Neste nível conjuntural emergem desafios como a criação de mecanismos eficientes de segurança; garantia de recursos para emergências; realocação de residências, de bairros ou até de cidades inteiras, etc. Isso implica um grande dilema, pois ao mesmo tempo em que é algo urgente e envolve muitos recursos, não pode ser feito sem o devido planejamento. Reconstruir no mesmo local, além de oneroso é temerário, pois ocorrências semelhantes poderão se repetir. Então, onde, como e com que recursos reerguer o que foi destruído?
- Nível estrutural e global: As mudanças climáticas e suas consequências diretas e intensas sobre os ecossistemas, a vida humana e as edificações materiais são um fato. Agora estamos numa crucial encruzilhada. Se seguirmos pela via neoliberal, consumista, individualista, predatória e negacionista, as tragédias inaturais, ou seja, produzidas pelo próprio ser humano tendem a ser sempre mais graves e dramáticas. Ainda em 2018, Raymond Pierrehumbert, professor de física da Universidade de Oxford, um dos autores do Painel Intergovernamental para Mudanças Climáticas (IPCC) escreveu: “No que diz respeito à crise climática, sim, chegou a hora de entrarmos em pânico”.

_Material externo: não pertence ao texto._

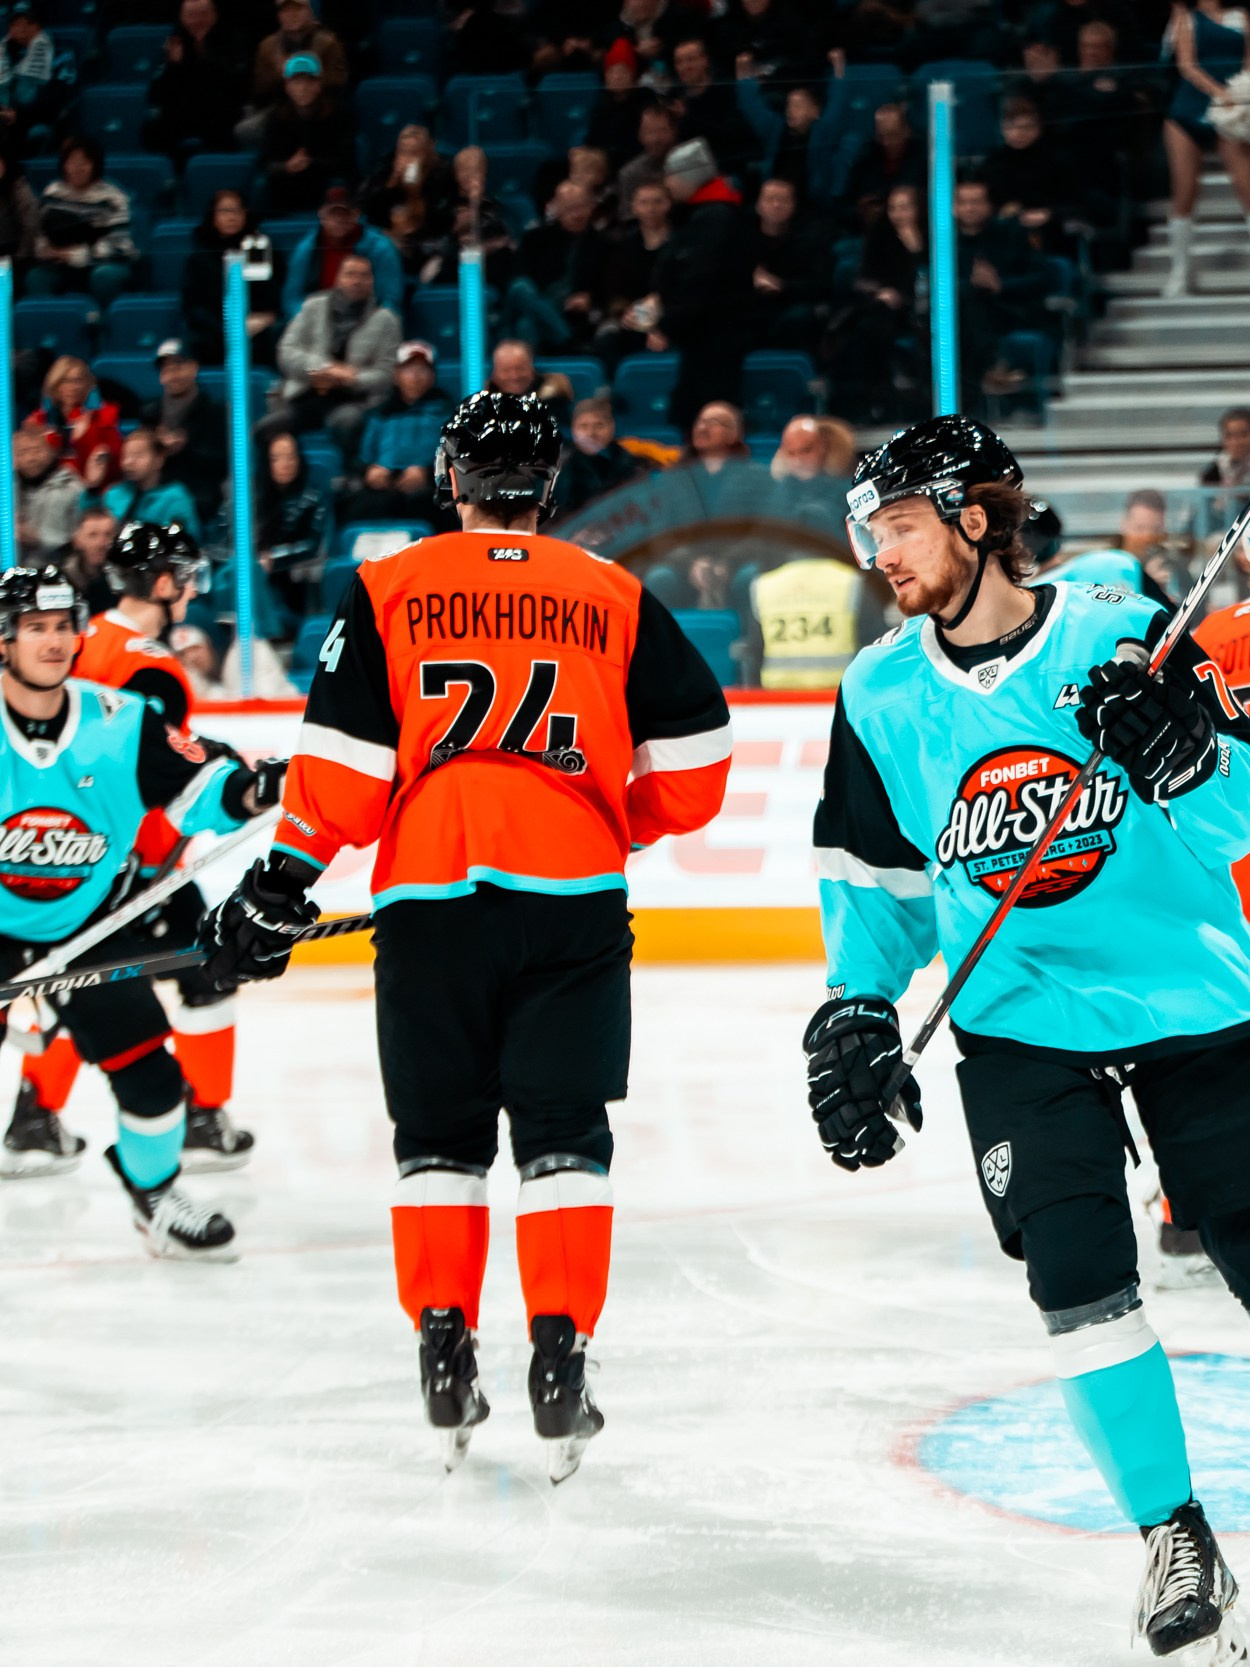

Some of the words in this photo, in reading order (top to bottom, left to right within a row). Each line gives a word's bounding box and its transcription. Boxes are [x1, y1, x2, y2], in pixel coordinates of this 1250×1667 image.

[406, 592, 608, 655] PROKHORKIN
[770, 616, 833, 641] 234
[419, 660, 588, 776] 24
[980, 757, 1050, 787] FONBET
[937, 774, 1125, 863] All-Star
[0, 826, 108, 866] ll-Star
[973, 861, 989, 873] ST.
[1075, 834, 1103, 850] 2023
[18, 972, 101, 999] ALPHA
[109, 963, 145, 983] LX

Sem deixar de lado as ações no nível imediato e conjuntural, é essencial alargar ainda mais o horizonte. Entre outras medidas, é importante desenvolver uma educação socioambiental crítica e transversal, em todos os níveis e instituições. Repensar o modelo de desenvolvimento em curso, baseando-o na sustentabilidade dos ecossistemas e da biodiversidade, no emprego da ciência e da tecnologia em vista da justiça social, econômica e ambiental. Adequar a legislação e as políticas públicas de proteção do meio ambiente, considerando a realidade do aquecimento global e suas consequências tais como essa que se abate sobre o Rio Grande do Sul
Enquanto as águas caem, sobem e baixam; seja no rigor do frio ou do calor, é imperativo refletir e construir meios para evitar que outras tragédias inaturais e de tamanha gravidade sigam acontecendo. Faz tempo que estudiosos do clima avisaram que estamos num ponto já sem retorno. Talvez ainda tenhamos um pouco de tempo para mudanças radicais no nosso modo humano de viver em sociedade e na relação de cuidado com a natureza. Mas, isso é mais um desejo do que uma certeza!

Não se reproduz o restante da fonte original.